_To do:_
Write out each entry word for word.
---- Data supplied
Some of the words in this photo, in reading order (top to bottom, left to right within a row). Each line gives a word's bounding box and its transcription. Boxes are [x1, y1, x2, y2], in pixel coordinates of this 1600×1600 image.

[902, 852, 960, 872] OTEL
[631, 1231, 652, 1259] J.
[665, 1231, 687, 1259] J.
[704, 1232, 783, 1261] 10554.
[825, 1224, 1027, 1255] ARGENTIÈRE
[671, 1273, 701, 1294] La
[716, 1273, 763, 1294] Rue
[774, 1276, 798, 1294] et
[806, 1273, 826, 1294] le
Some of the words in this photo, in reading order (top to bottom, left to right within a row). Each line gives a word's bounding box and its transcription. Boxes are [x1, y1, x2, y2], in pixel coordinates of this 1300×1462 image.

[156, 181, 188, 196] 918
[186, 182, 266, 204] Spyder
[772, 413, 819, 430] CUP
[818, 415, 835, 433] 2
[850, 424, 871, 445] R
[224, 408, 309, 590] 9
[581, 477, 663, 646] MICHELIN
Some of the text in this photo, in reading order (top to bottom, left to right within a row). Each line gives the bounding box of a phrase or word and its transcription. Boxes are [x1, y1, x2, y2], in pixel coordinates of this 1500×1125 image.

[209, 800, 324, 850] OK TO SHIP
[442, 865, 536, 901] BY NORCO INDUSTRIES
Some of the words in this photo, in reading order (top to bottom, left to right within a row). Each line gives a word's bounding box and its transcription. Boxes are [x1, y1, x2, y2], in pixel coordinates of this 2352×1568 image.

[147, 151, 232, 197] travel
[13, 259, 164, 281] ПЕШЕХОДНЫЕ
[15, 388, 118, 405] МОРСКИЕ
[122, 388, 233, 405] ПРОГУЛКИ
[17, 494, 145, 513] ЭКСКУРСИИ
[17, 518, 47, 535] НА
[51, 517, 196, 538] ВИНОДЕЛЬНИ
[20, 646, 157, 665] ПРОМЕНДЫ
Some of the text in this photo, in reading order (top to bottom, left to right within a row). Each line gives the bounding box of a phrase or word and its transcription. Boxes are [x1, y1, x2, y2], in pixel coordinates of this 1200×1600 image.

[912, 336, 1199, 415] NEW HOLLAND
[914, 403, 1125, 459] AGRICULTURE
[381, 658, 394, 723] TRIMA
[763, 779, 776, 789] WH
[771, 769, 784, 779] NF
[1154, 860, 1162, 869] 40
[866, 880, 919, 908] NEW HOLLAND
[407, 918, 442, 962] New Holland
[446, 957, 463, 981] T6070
--------
_Exercise response:_
Some of the words in this photo, in reading order (top to bottom, left to right within a row). Each line gives a word's bounding box and its transcription. Boxes are [x1, y1, x2, y2], in pixel coordinates of this 1600×1600 image.

[902, 852, 960, 872] OTEL
[631, 1231, 652, 1259] J.
[665, 1231, 687, 1259] J.
[704, 1232, 783, 1261] 10554.
[825, 1224, 1027, 1255] ARGENTIÈRE
[671, 1273, 701, 1294] La
[716, 1273, 763, 1294] Rue
[774, 1276, 798, 1294] et
[806, 1273, 826, 1294] le
Some of the words in this photo, in reading order (top to bottom, left to right within a row). Each line gives a word's bounding box and its transcription. Boxes are [x1, y1, x2, y2], in pixel coordinates of this 1300×1462 image.

[156, 181, 188, 196] 918
[186, 182, 266, 204] Spyder
[772, 413, 819, 430] CUP
[818, 415, 835, 433] 2
[850, 424, 871, 445] R
[224, 408, 309, 590] 9
[581, 477, 663, 646] MICHELIN
Some of the text in this photo, in reading order (top to bottom, left to right within a row). Each line gives the bounding box of a phrase or word and its transcription. Boxes are [x1, y1, x2, y2], in pixel coordinates of this 1500×1125 image.

[209, 800, 324, 850] OK TO SHIP
[442, 865, 536, 901] BY NORCO INDUSTRIES
Some of the words in this photo, in reading order (top to bottom, left to right within a row). Each line gives a word's bounding box and its transcription. Boxes are [x1, y1, x2, y2], in pixel coordinates of this 2352×1568 image.

[147, 151, 232, 197] travel
[13, 259, 164, 281] ПЕШЕХОДНЫЕ
[15, 388, 118, 405] МОРСКИЕ
[122, 388, 233, 405] ПРОГУЛКИ
[17, 494, 145, 513] ЭКСКУРСИИ
[17, 518, 47, 535] НА
[51, 517, 196, 538] ВИНОДЕЛЬНИ
[20, 646, 157, 665] ПРОМЕНДЫ
Some of the text in this photo, in reading order (top to bottom, left to right within a row). Each line gives the bounding box of a phrase or word and its transcription. Boxes are [x1, y1, x2, y2], in pixel coordinates of this 1200×1600 image.

[912, 336, 1199, 415] NEW HOLLAND
[914, 403, 1125, 459] AGRICULTURE
[381, 658, 394, 723] TRIMA
[763, 779, 776, 789] WH
[771, 769, 784, 779] NF
[1154, 860, 1162, 869] 40
[866, 880, 919, 908] NEW HOLLAND
[407, 918, 442, 962] New Holland
[446, 957, 463, 981] T6070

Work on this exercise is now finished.